When two county council members, who did not constitute a quorum of the council, exchanged messages, it was not considered to be a meeting subject to FOIA. However, a phone call between six members did constitute a meeting under the law. In that opinion, the attorney general said, “We caution all public bodies to be careful not to discuss matters of public business by electronic means in such a way as could violate the open meeting requirements of FOIA.” Del. Op. Atty. Gen., 04-IB17, 2004 WL 2639714 (Del. A.G. Oct. 18, 2004).
Electronic communications need not occur in “real time,” such as instant messaging, chat or communications similar to a telephone conference call, to constitute a meeting. Three members of a nominating committee (constituting a quorum) who exchanged a series of e-mail messages over two days, resulting in a consensus of names to submit to the city council, were deemed to have held a meeting under FOIA. Del. Op. Atty. Gen. 03-IB11, 2003 WL 21431171 (Del. A.G. May 19, 2003).
Because electronic messages meet the criteria for “public records” set forth in 29 Del. C. § 502(7), they, like other records, may be subject to all provisions of Delaware’s Public Records Law, 29 Del. C. § 501-526. Accordingly, for purposes of retention and back-up, e-mail is treated the same as paper records under 29 Del. C. § 501(c).

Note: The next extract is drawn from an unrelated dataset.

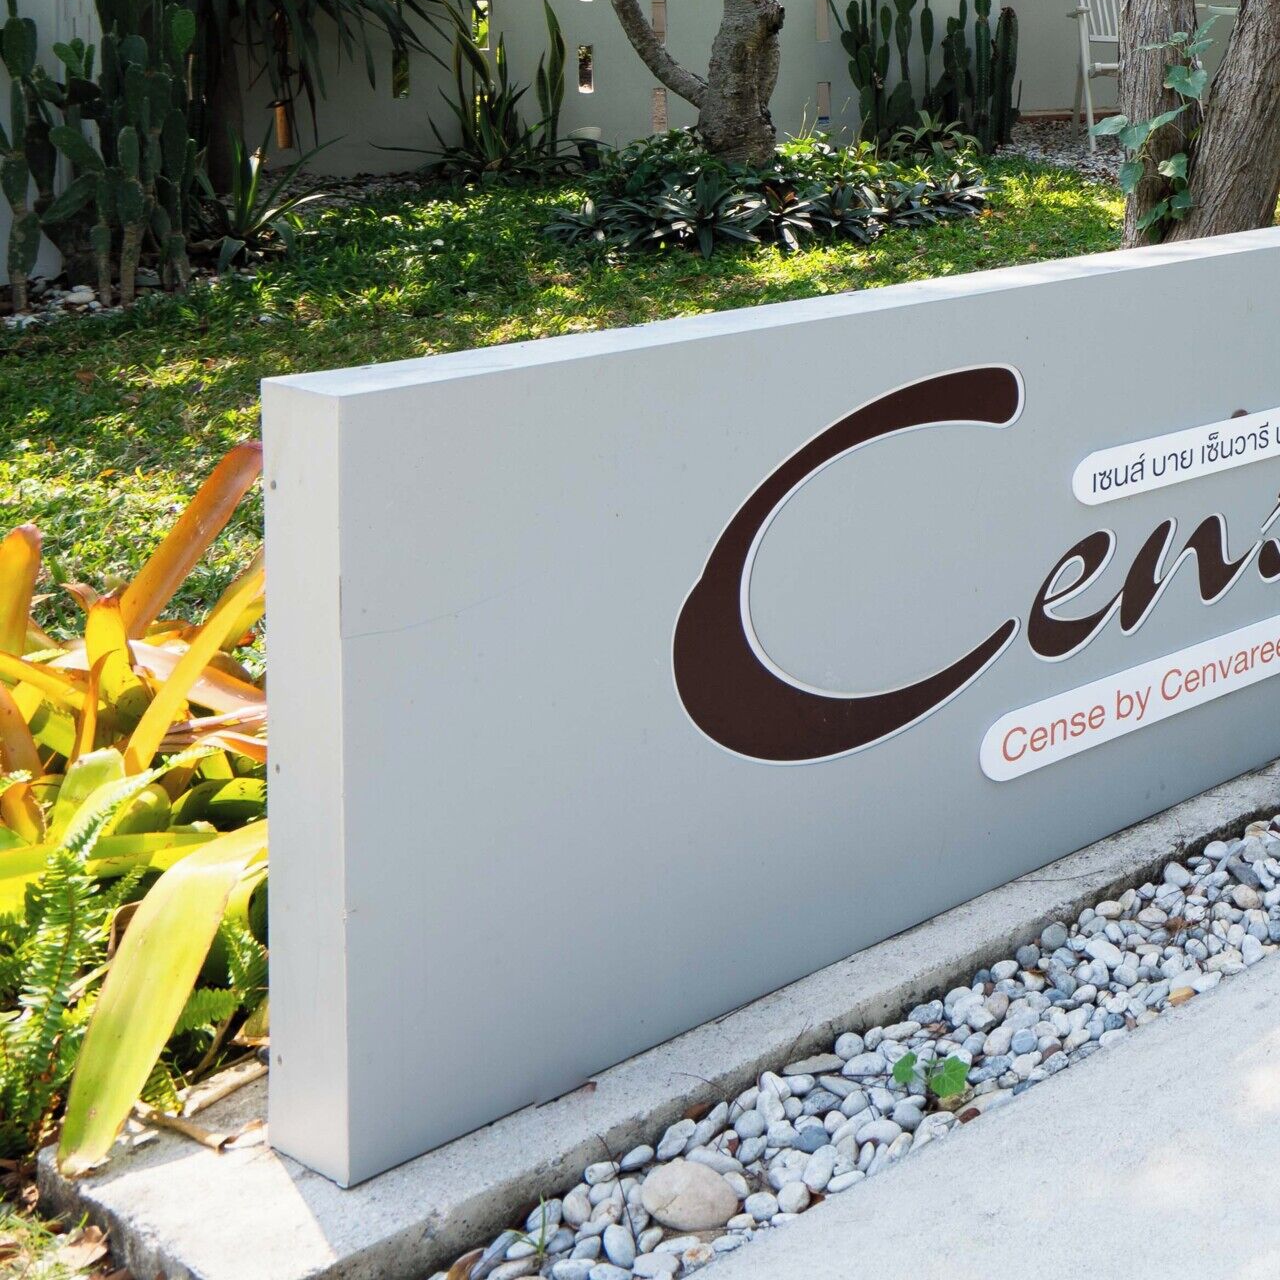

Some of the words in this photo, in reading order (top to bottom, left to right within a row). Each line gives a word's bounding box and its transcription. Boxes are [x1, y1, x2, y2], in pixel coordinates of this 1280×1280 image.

However, a 2006 attorney general opinion suggested there was no duty to retain e-mail that may have qualified as a public record. Because the requested e-mail messages had been deleted, the attorney general said the open records law was not violated when the agency was unable to produce the e-mail. Del. Op. Atty. Gen., 06-ID23, 2006 WL 3663142 (Del. A.G. Nov. 27, 2006).